◆ **EXERCISE**:
Print out each entry without alteration, and keep the pictures out.

◆ **RECORD EXCERPTS**:
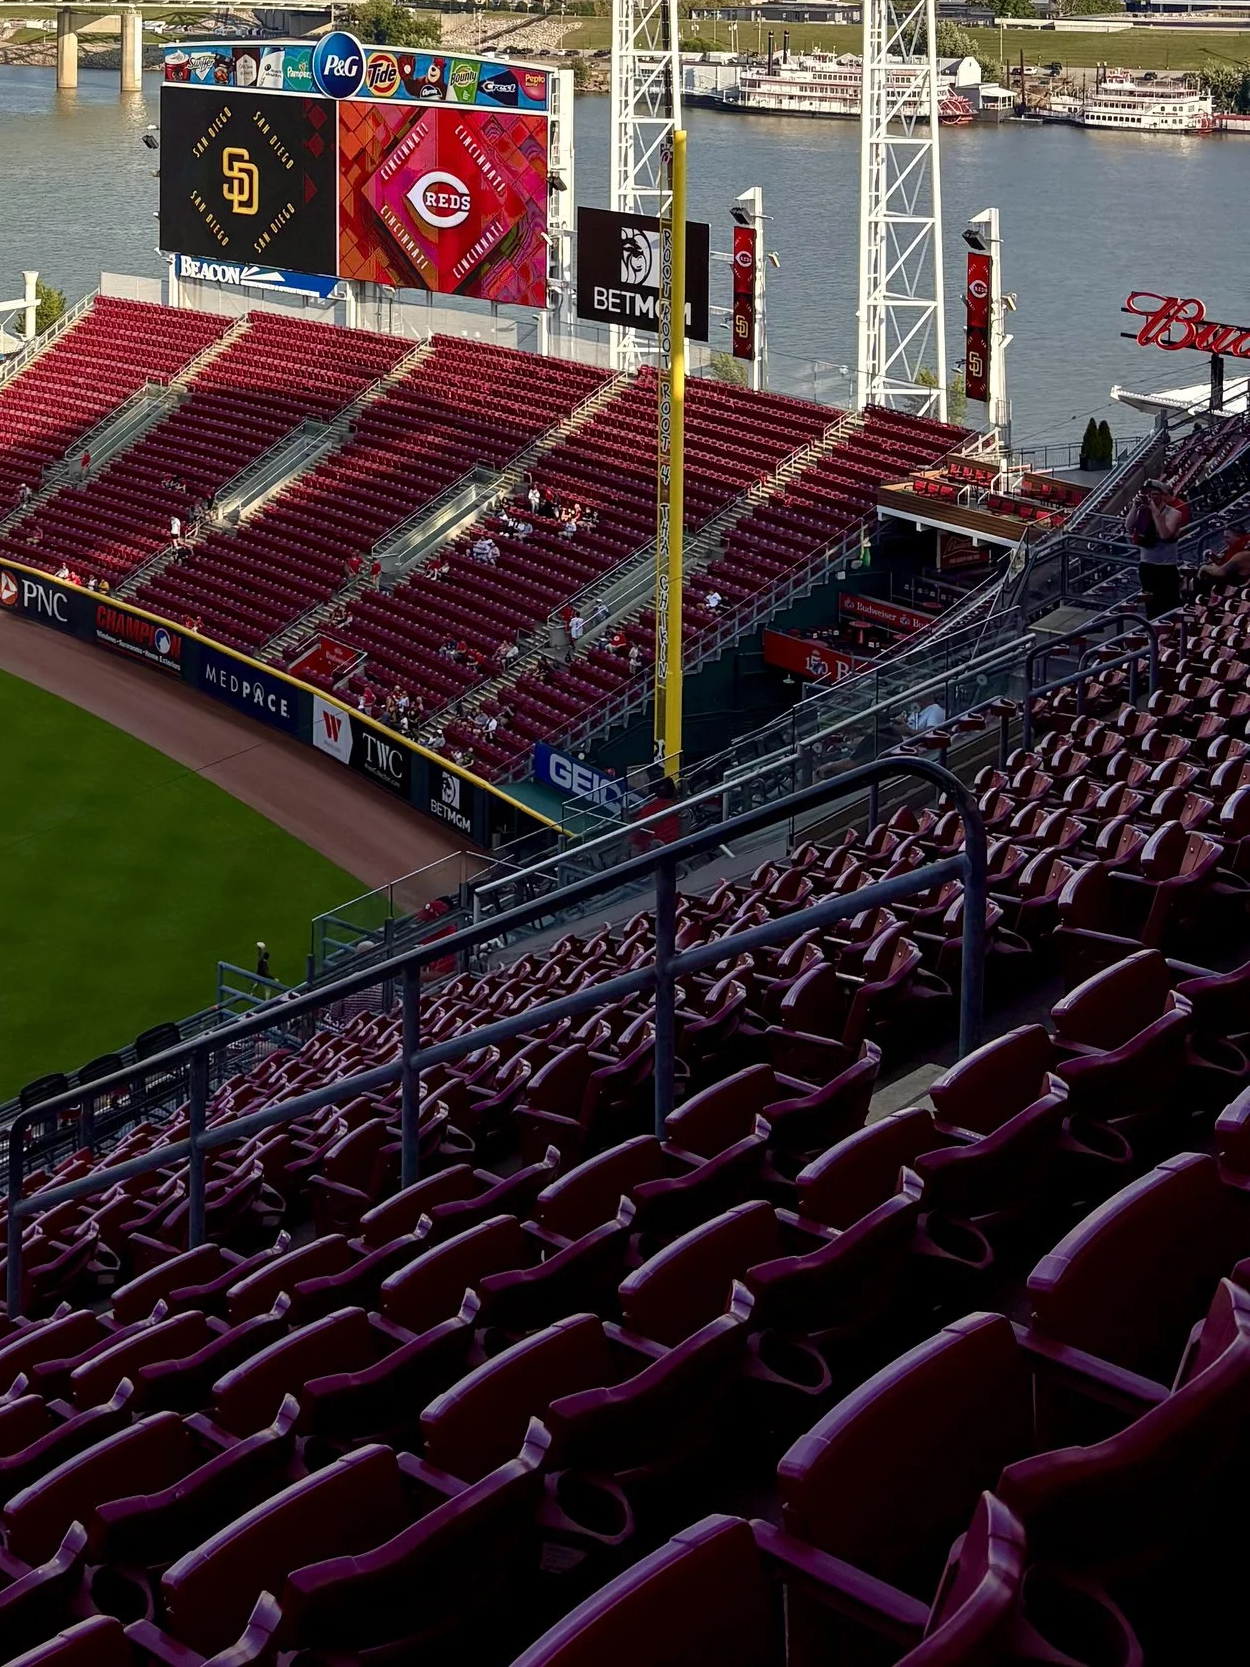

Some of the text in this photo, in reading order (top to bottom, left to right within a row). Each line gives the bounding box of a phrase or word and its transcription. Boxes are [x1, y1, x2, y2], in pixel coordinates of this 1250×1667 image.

[323, 54, 359, 78] P&G
[368, 62, 397, 89] Tide
[450, 71, 478, 86] Bounty
[482, 81, 516, 94] Crest
[525, 73, 546, 84] Pepto
[192, 106, 232, 158] SAN DIEGO
[252, 111, 295, 170] SAN DIEGO
[381, 122, 429, 180] CINCINNATI
[455, 125, 506, 193] CINCINNATI
[190, 190, 230, 247] SAN DIEGO
[425, 191, 471, 211] REDS
[254, 203, 296, 254] SAN DIEGO
[381, 205, 428, 270] CINCINNATI
[453, 221, 504, 279] CINCINNATI
[180, 255, 241, 285] BEACON
[660, 383, 671, 453] ROOT
[660, 465, 671, 486] 4
[659, 503, 670, 556] THA
[21, 579, 68, 622] PNC
[856, 601, 897, 622] Budweiser
[657, 573, 669, 680] CHIKIN
[206, 663, 288, 718] MEDPACE
[362, 732, 403, 778] TWC
[430, 798, 471, 833] BETMGM
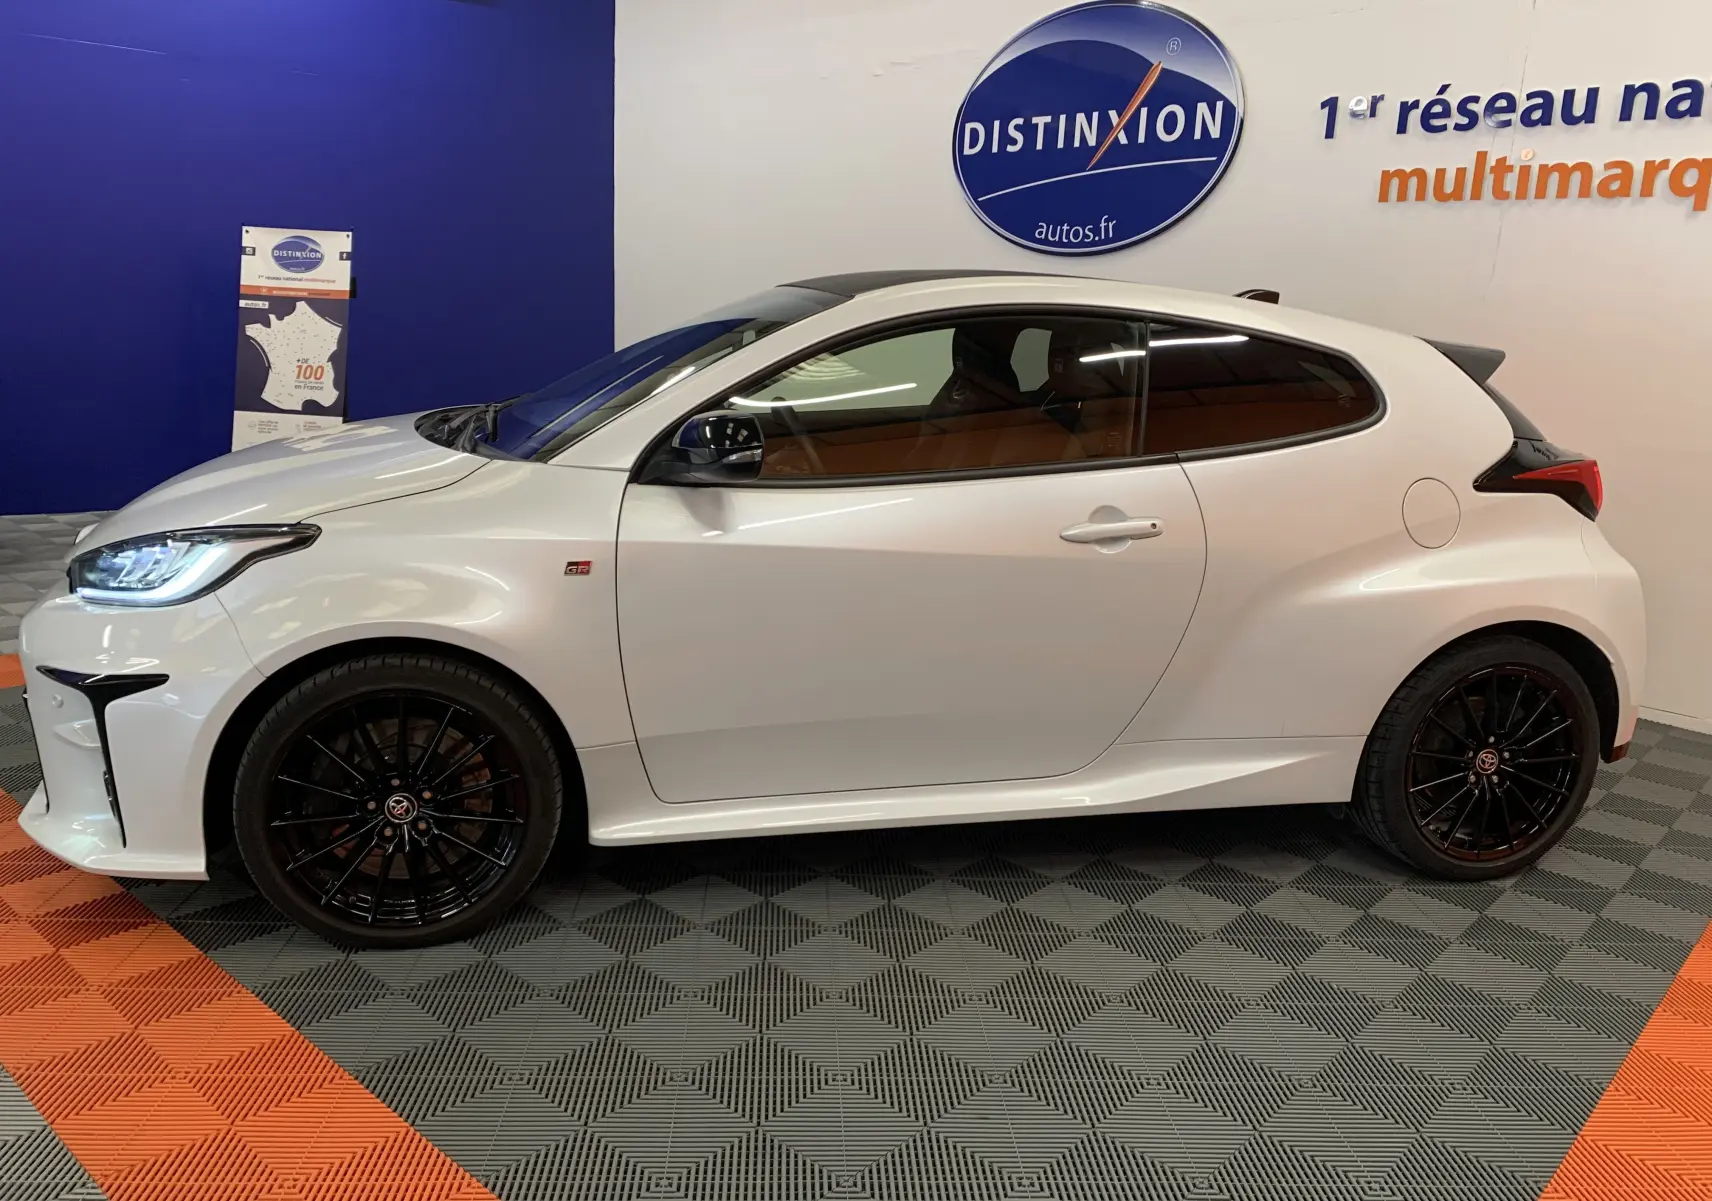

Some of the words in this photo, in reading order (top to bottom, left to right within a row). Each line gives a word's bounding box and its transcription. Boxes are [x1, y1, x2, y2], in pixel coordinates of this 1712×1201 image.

[1396, 83, 1600, 135] réseau
[1618, 78, 1712, 122] na
[963, 99, 1224, 156] DISTINXION
[1378, 149, 1712, 212] multimarq
[1034, 215, 1117, 244] autos.fr
[273, 249, 322, 259] DISTINXION
[295, 364, 325, 381] 100
[565, 564, 590, 575] GR
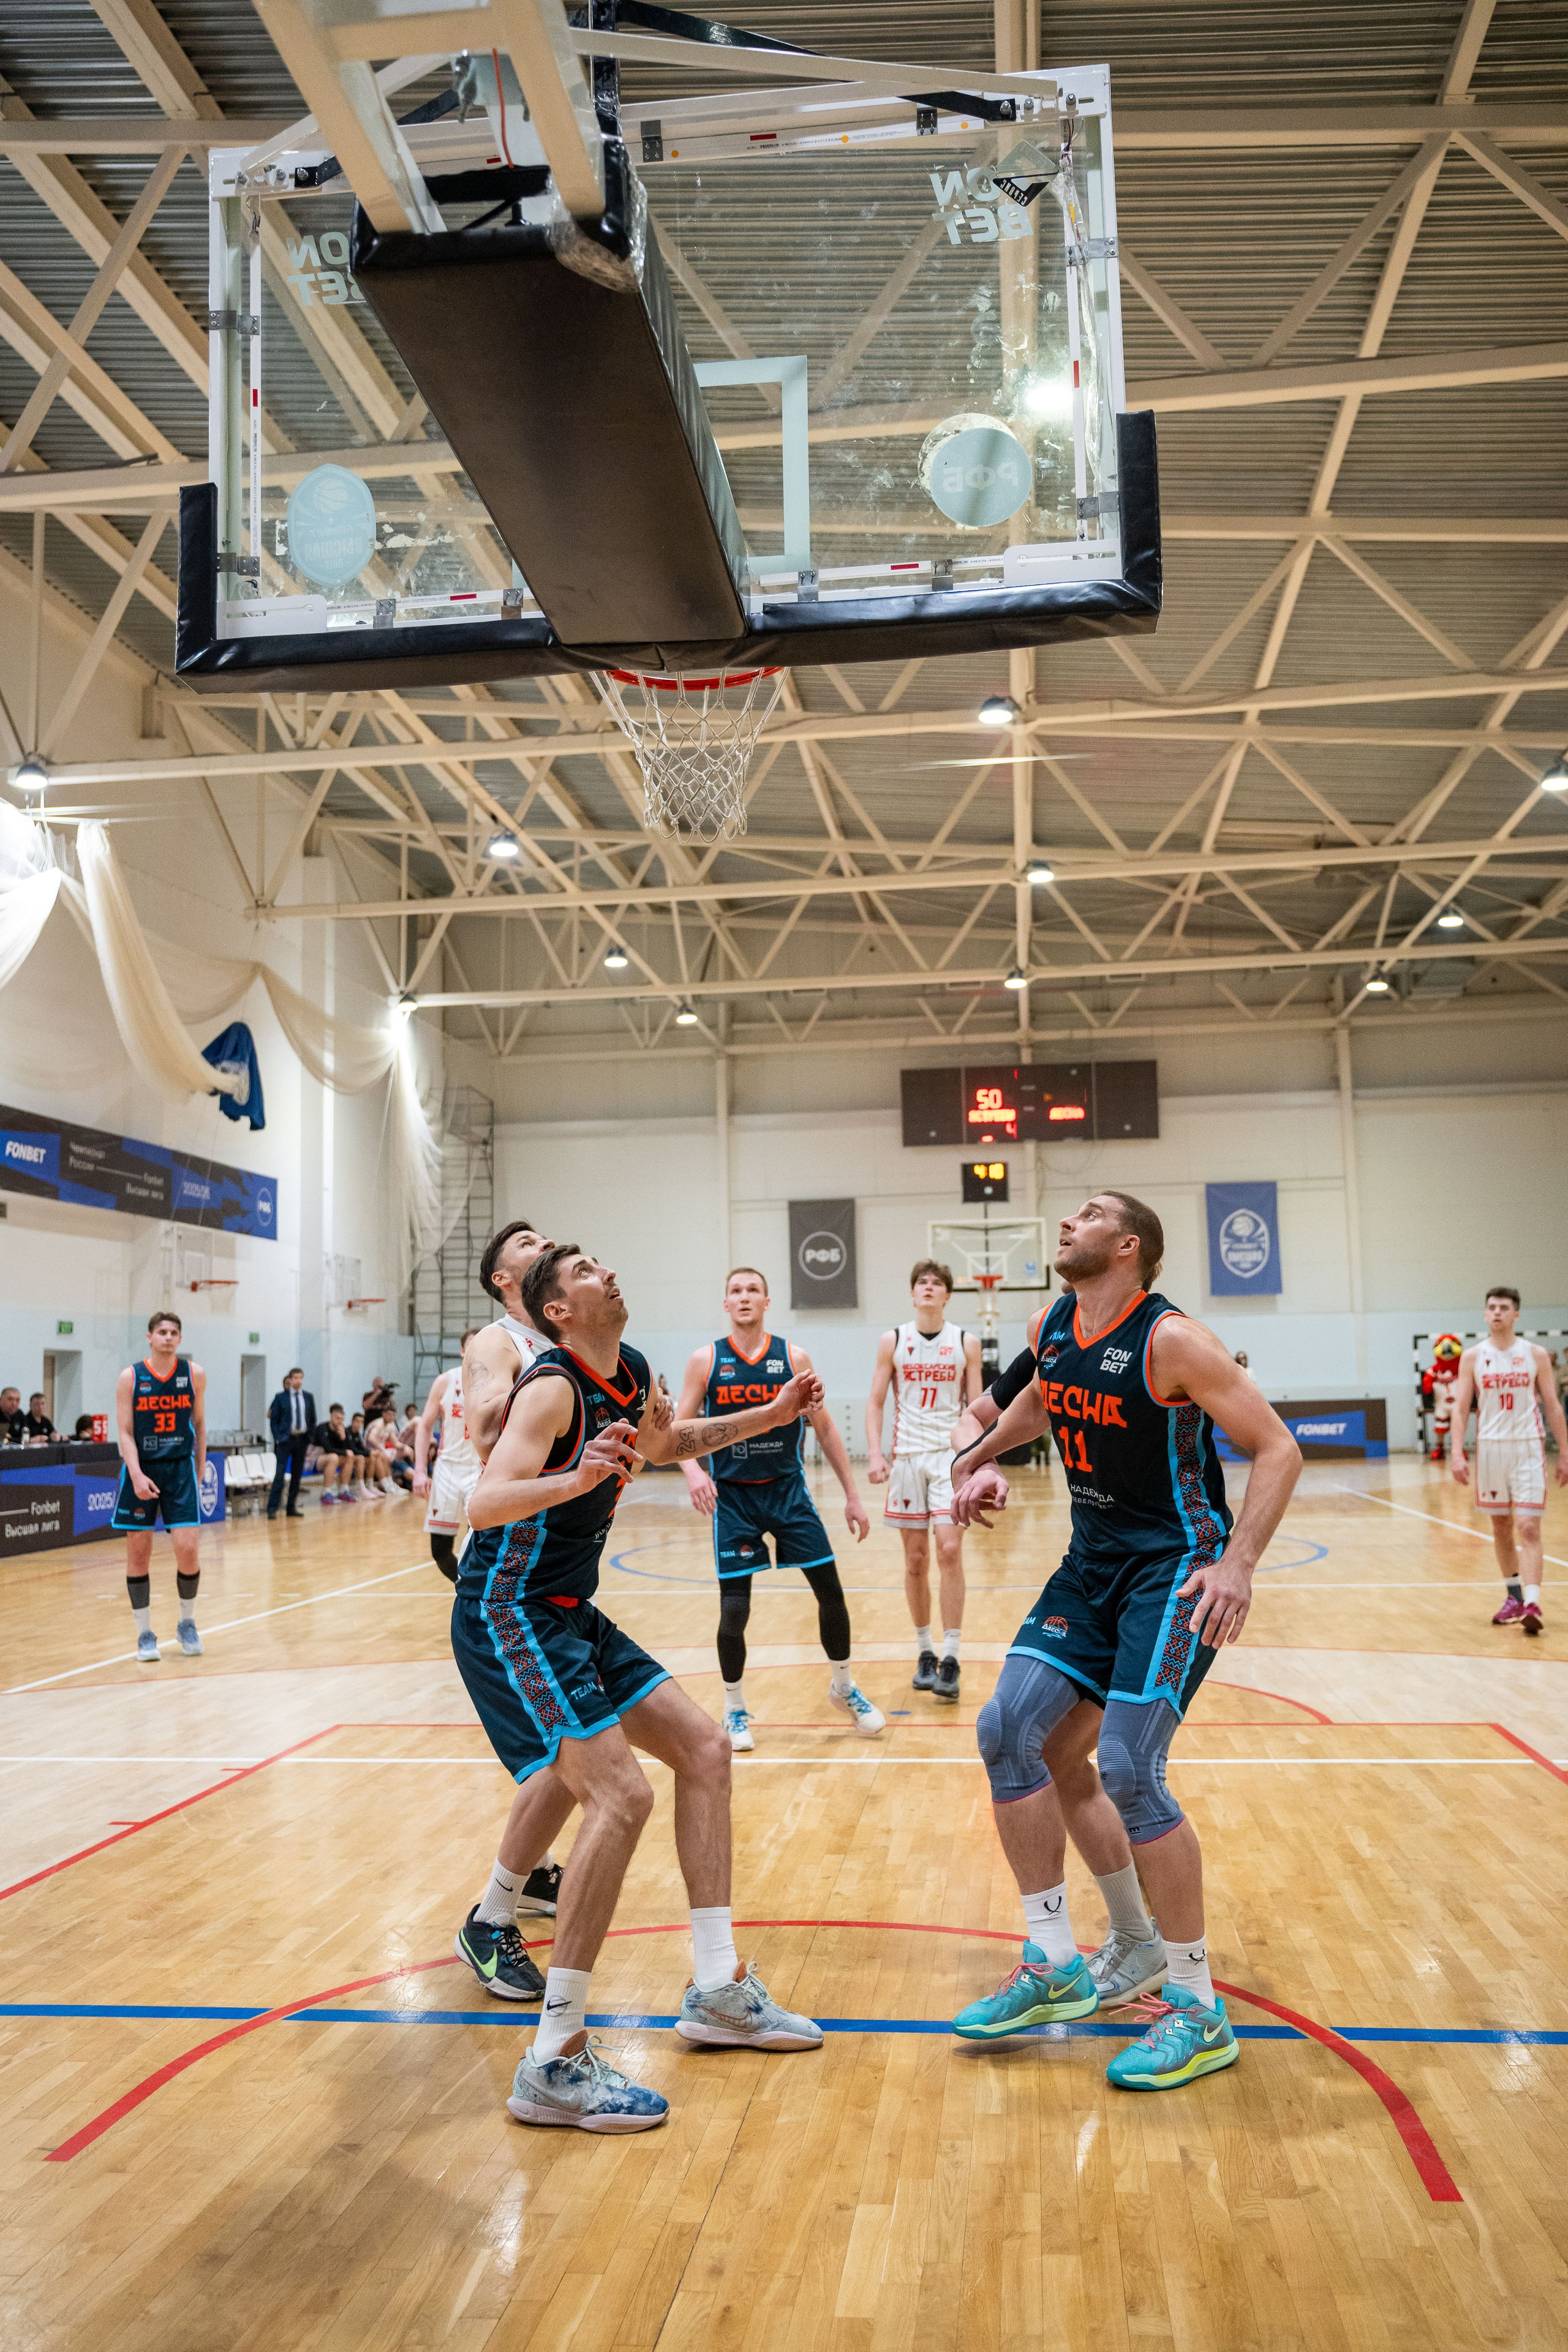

◆ **SOLUTION TO THIS TASK**:
Some of the text in this photo, in reading order (top to bottom, left to right within a row). Each line gives the bounding box of a phrase or word and its transcription. Boxes are [x1, y1, x2, y2], in pixel coordinates of this 1250×1667 image.

[323, 54, 359, 78] P&G
[368, 62, 397, 89] Tide
[450, 71, 478, 86] Bounty
[482, 81, 516, 94] Crest
[525, 73, 546, 84] Pepto
[192, 106, 232, 158] SAN DIEGO
[252, 111, 295, 170] SAN DIEGO
[381, 122, 429, 180] CINCINNATI
[455, 125, 506, 193] CINCINNATI
[190, 190, 230, 247] SAN DIEGO
[425, 191, 471, 211] REDS
[254, 203, 296, 254] SAN DIEGO
[381, 205, 428, 270] CINCINNATI
[453, 221, 504, 279] CINCINNATI
[180, 255, 241, 285] BEACON
[660, 383, 671, 453] ROOT
[660, 465, 671, 486] 4
[659, 503, 670, 556] THA
[21, 579, 68, 622] PNC
[856, 601, 897, 622] Budweiser
[657, 573, 669, 680] CHIKIN
[206, 663, 288, 718] MEDPACE
[362, 732, 403, 778] TWC
[430, 798, 471, 833] BETMGM

Some of the words in this photo, in reading order (top to bottom, left to right within a row). Each line gives a word's bounding box and its transcription. Boxes are [x1, y1, x2, y2], in pixel coordinates of this 1712×1201 image.

[1396, 83, 1600, 135] réseau
[1618, 78, 1712, 122] na
[963, 99, 1224, 156] DISTINXION
[1378, 149, 1712, 212] multimarq
[1034, 215, 1117, 244] autos.fr
[273, 249, 322, 259] DISTINXION
[295, 364, 325, 381] 100
[565, 564, 590, 575] GR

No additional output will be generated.